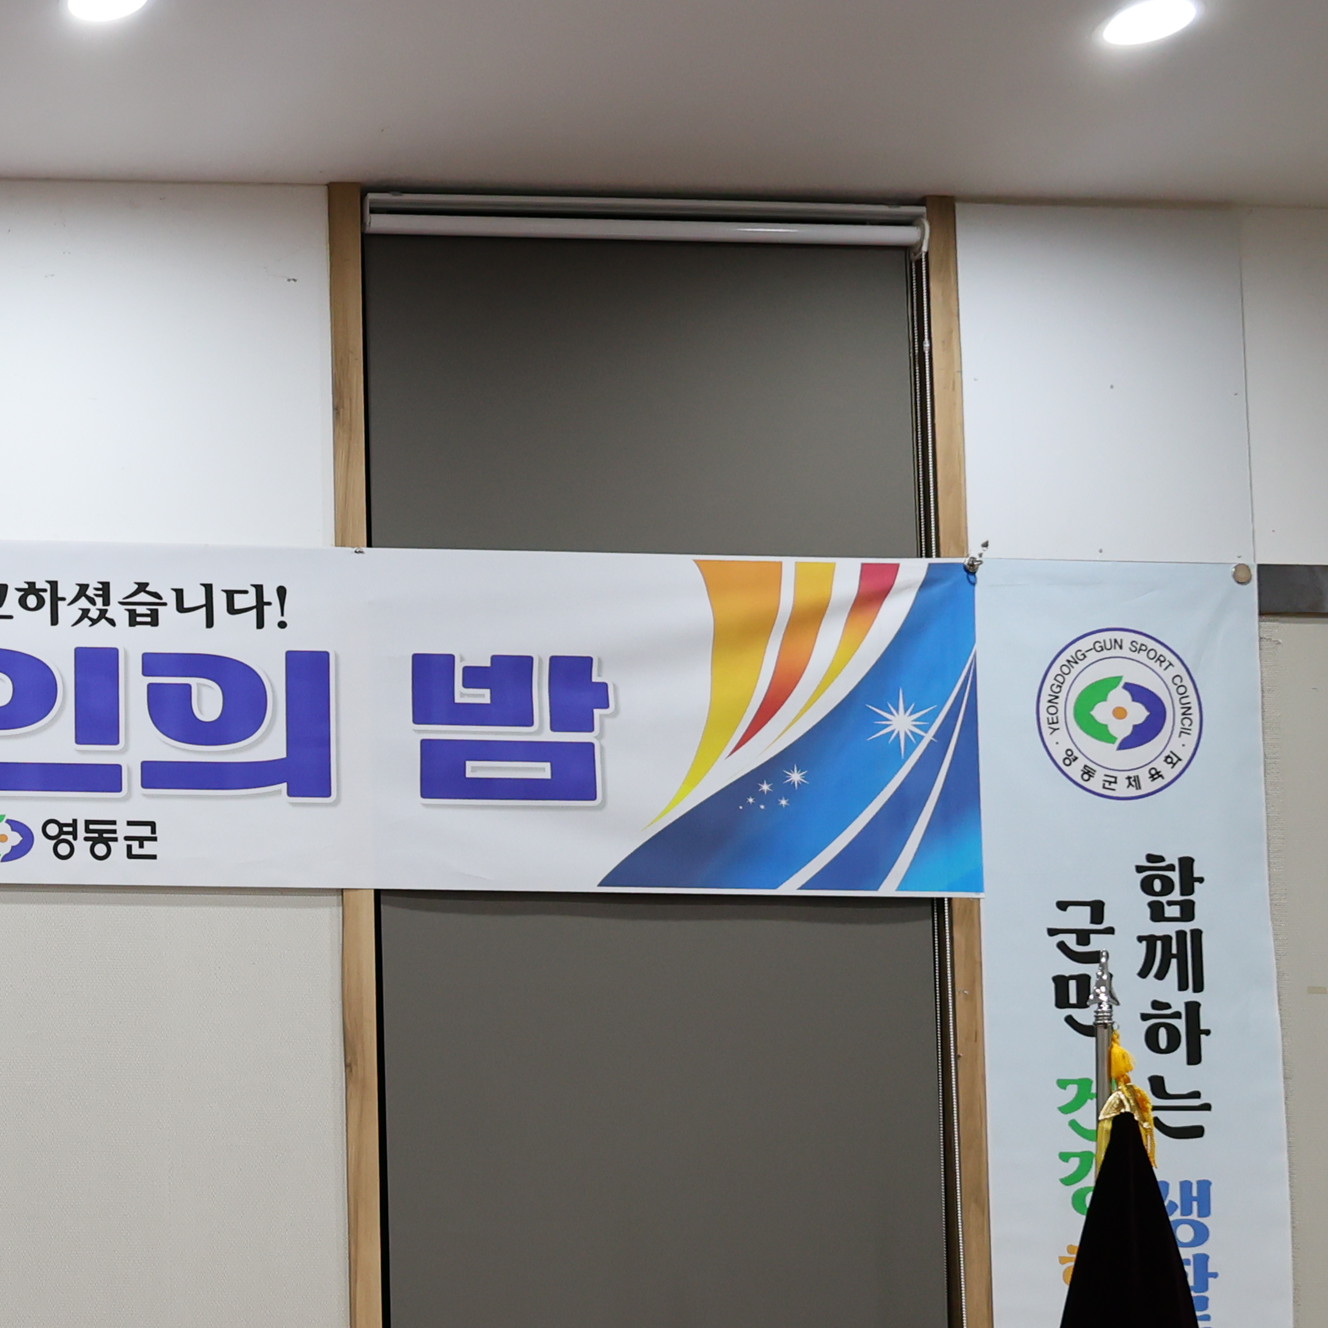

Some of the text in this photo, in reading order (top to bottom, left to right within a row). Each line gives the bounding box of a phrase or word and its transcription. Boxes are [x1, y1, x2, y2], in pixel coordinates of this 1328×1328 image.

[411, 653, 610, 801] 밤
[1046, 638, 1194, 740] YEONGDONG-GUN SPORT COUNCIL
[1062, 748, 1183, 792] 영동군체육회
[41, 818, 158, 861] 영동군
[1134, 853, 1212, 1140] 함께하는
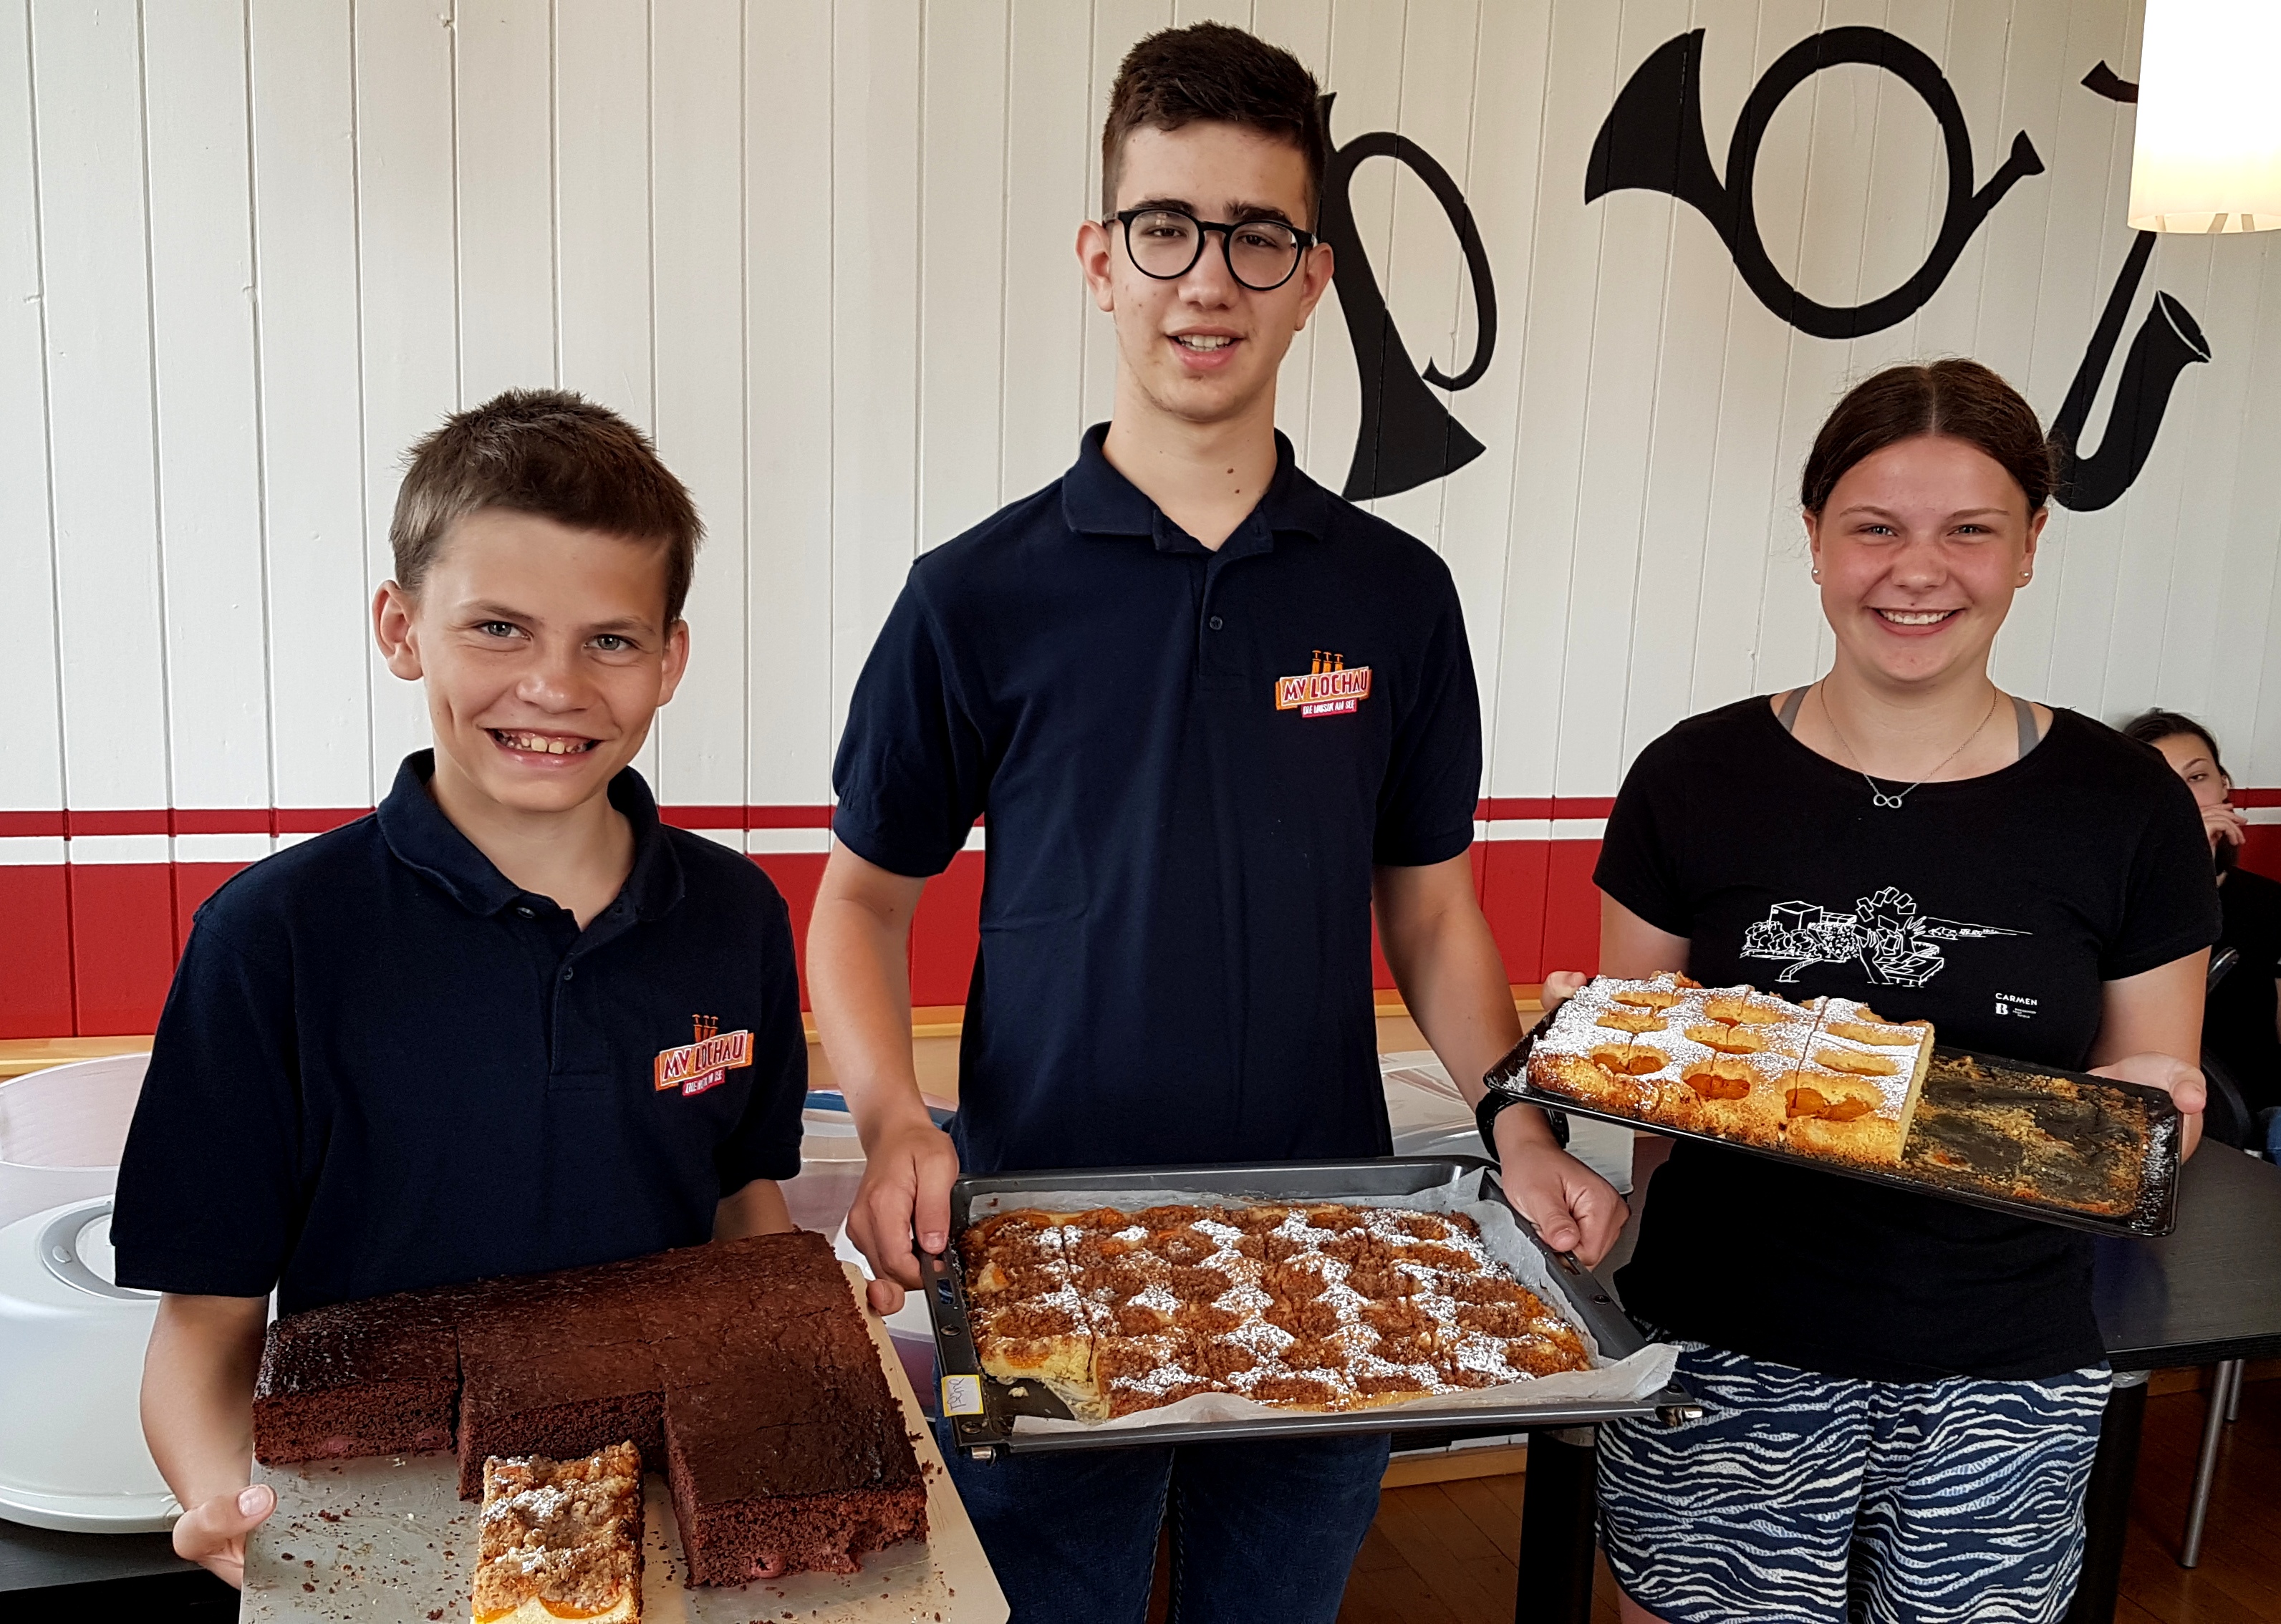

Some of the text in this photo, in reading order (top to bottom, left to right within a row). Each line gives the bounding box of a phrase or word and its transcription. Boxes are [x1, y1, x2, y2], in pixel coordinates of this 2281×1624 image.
==================================================
▸ Task item
Retype the data word for word and keep the pictures out of it.

▸ The completed task
Some of the text in this photo, in reading order (top to bottom, left to right within a row). Each line gives the bounding box of a phrase or word and its transcription. Boxes are [x1, y1, x2, y2], in pixel coordinates of this 1328×1328 image.

[411, 653, 610, 801] 밤
[1046, 638, 1194, 740] YEONGDONG-GUN SPORT COUNCIL
[1062, 748, 1183, 792] 영동군체육회
[41, 818, 158, 861] 영동군
[1134, 853, 1212, 1140] 함께하는

Some of the text in this photo, in reading order (top to bottom, left to right within a row). Each line gives the bounding box of a phrase or word and its transcription. Boxes are [x1, y1, x2, y2], in pixel coordinates of this 2281×1624 image.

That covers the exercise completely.